Durante muito tempo achei que havia algo de errado em não caber — nas conversas, nas modas, nas certezas.
Tentava disfarçar minhas margens, fingir simplicidade onde havia abismos, inventar leveza onde o mundo pesava.
Mas a vida, com sua paciência implacável, foi me ensinando que ser estranho não é desvio, é natureza.
Que a palavra “estranho” carrega apenas o medo dos outros diante da diferença.
E que a normalidade, essa máscara tão bem polida, é talvez o mais profundo dos fingimentos humanos.
O que chamam de normal costuma ser apenas a tentativa desesperada de ser aceito.

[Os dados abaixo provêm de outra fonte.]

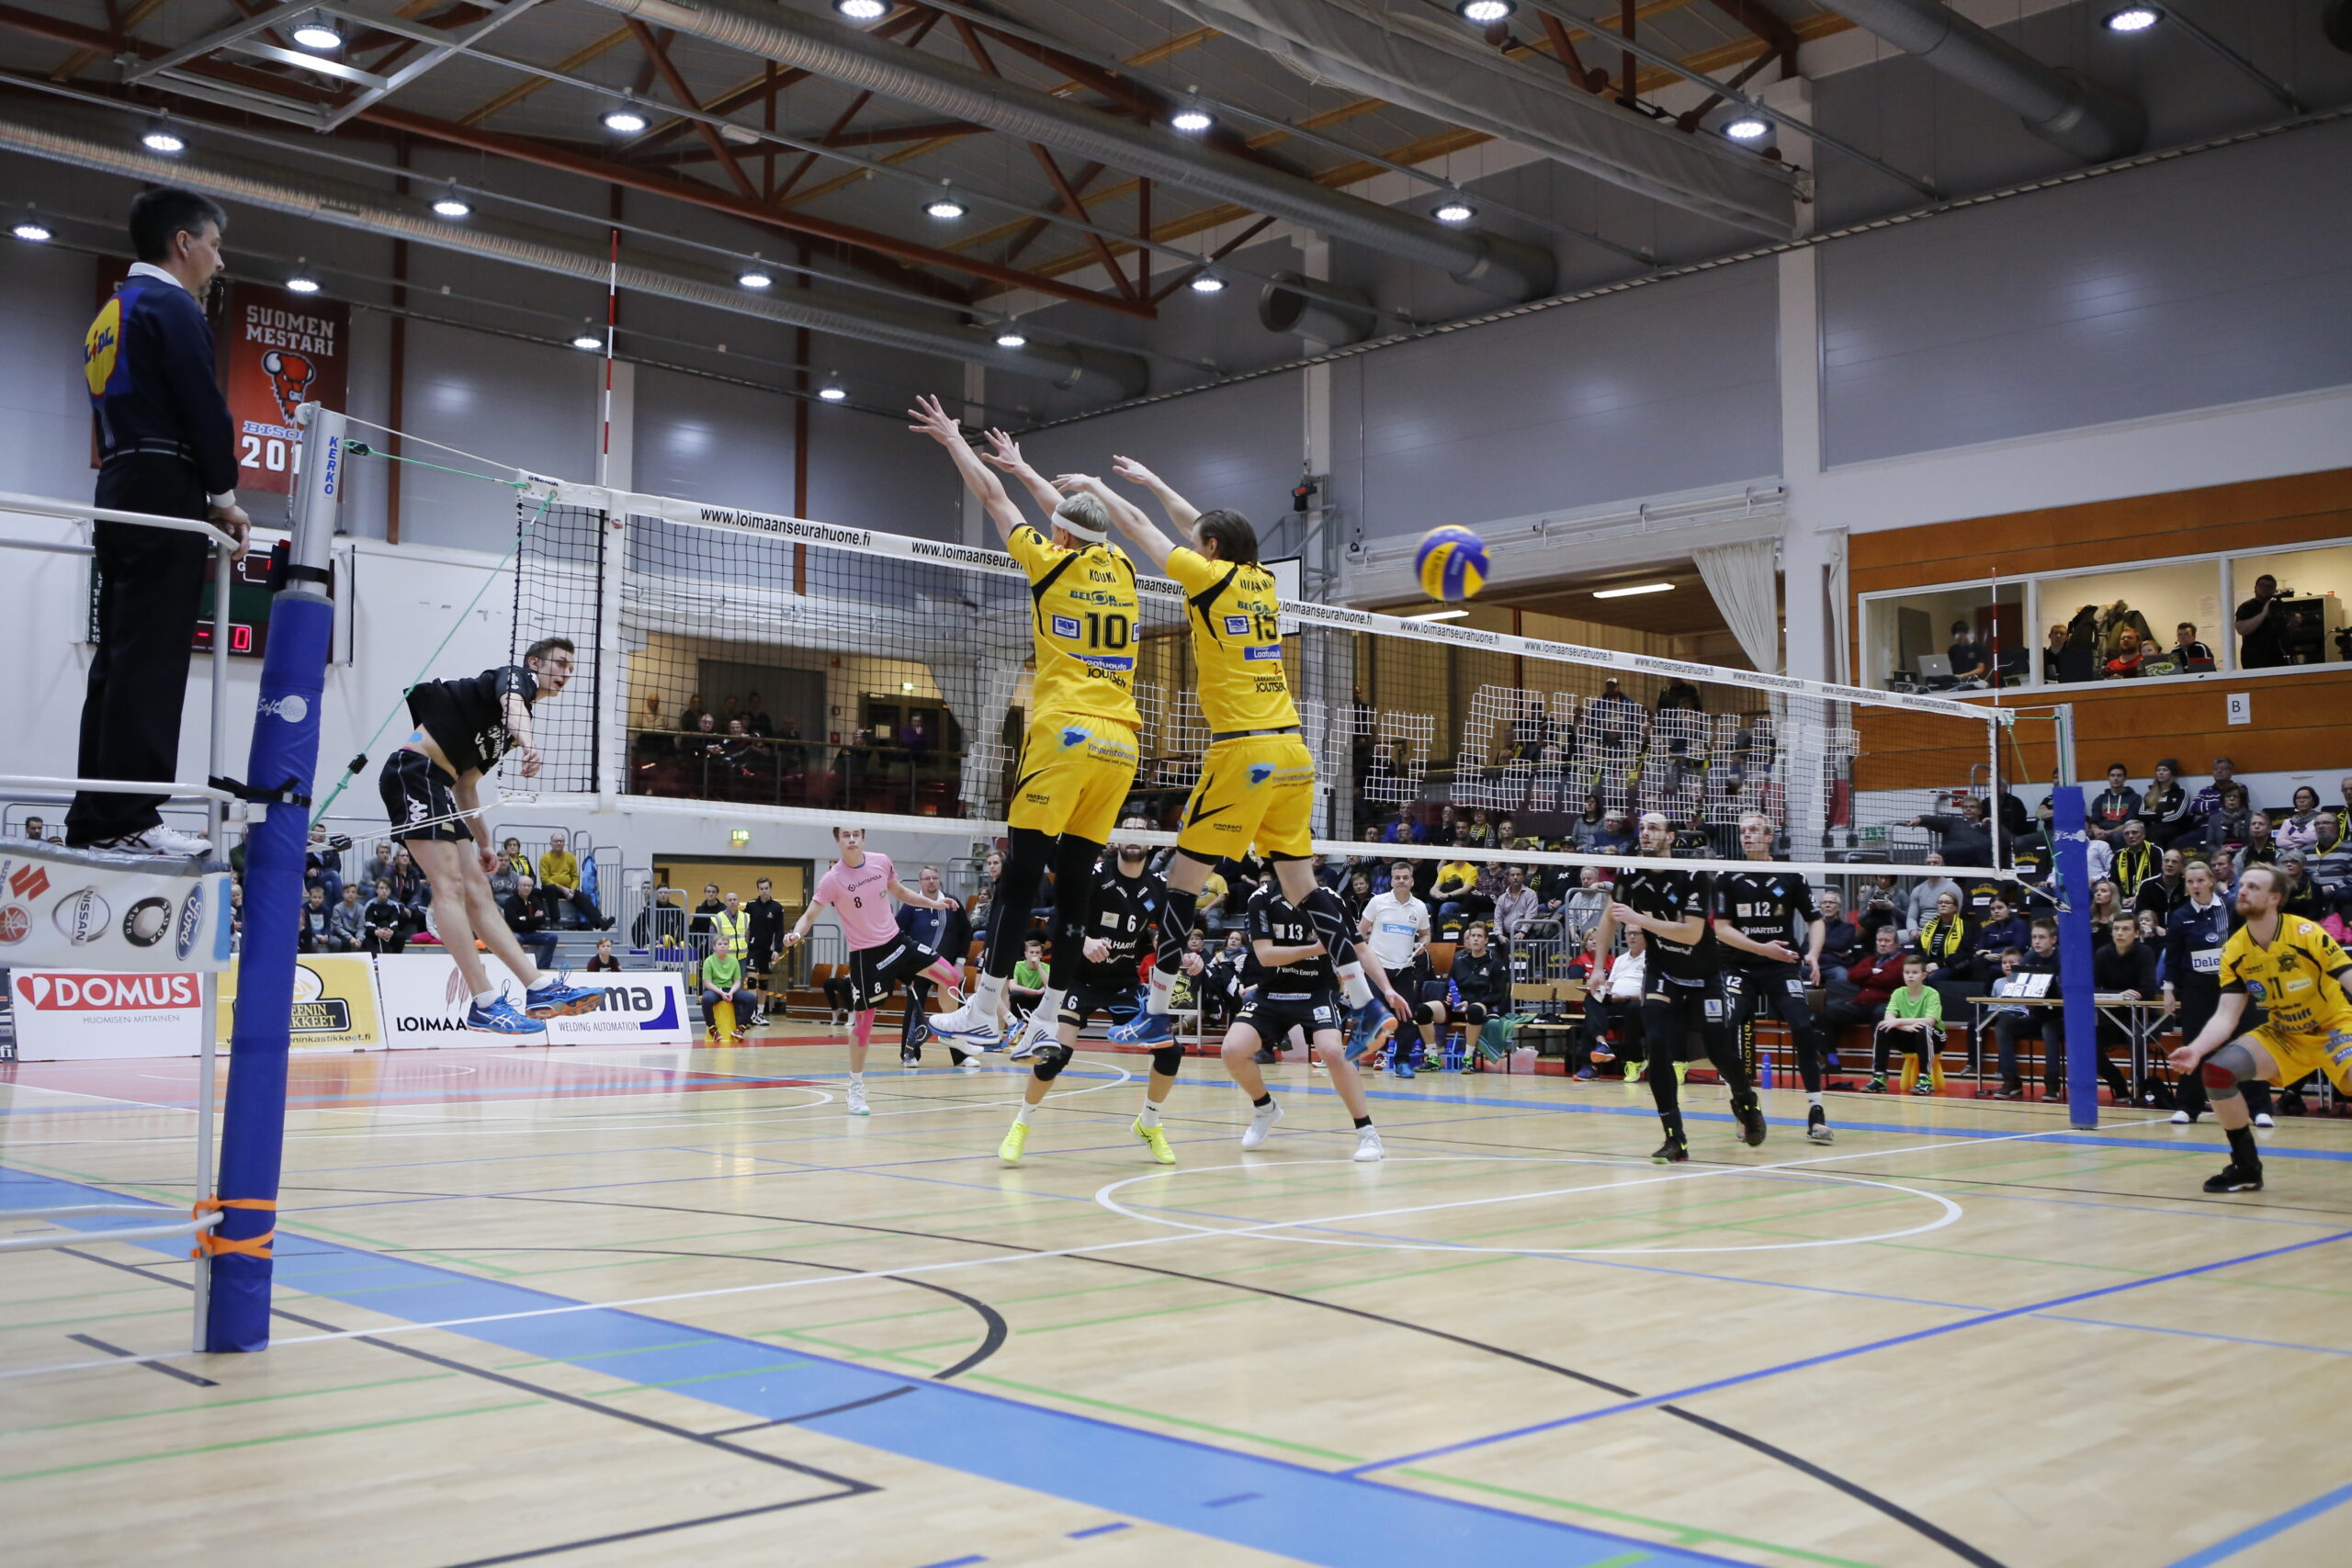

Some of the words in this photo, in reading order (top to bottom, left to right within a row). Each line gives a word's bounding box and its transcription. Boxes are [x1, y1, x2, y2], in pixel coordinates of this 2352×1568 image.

[245, 304, 334, 338] SUOMEN
[245, 324, 334, 356] MESTARI
[243, 421, 303, 440] BISO
[240, 435, 303, 475] 201
[323, 435, 338, 495] KERKO
[700, 508, 871, 547] www.loimaanseurahuone.fi
[1085, 611, 1128, 650] 10
[1254, 614, 1278, 640] 15
[1399, 619, 1500, 645] www.loimaanseurahuone.fi
[1523, 640, 1613, 662] www.loimaanseurahuone.fi
[1087, 668, 1126, 688] JOUTSEN
[2232, 701, 2241, 713] B
[854, 897, 862, 908] 8
[1755, 901, 1770, 917] 12
[76, 890, 94, 942] NISSAN
[125, 907, 140, 934] AUTO
[179, 896, 202, 946] Ford
[1126, 914, 1136, 932] 6
[1287, 923, 1304, 941] 13
[1749, 925, 1784, 934] HARTELA
[2193, 957, 2220, 969] Dele
[55, 976, 192, 1008] DOMUS
[600, 987, 653, 1011] ma
[874, 982, 882, 994] 8
[1067, 995, 1079, 1010] 6
[83, 1015, 131, 1024] HUOMISEN
[133, 1014, 180, 1023] MITTAINEN
[559, 1021, 592, 1032] WELDING
[593, 1021, 639, 1032] AUTOMATION

Mas a aceitação dos outros é um abrigo frágil — basta um vento mais forte para ruir.
A aceitação de si, essa sim, é morada.
E é nela que a estranheza deixa de ser exílio e vira casa.
Hoje, entendo que o estranho é apenas aquele que se recusa a amputar o que sente.
O que não se acomoda em moldes.
O que, mesmo tremendo, escolhe permanecer inteiro.
Ser estranho é um ato de coragem — e, talvez, a forma mais discreta de liberdade.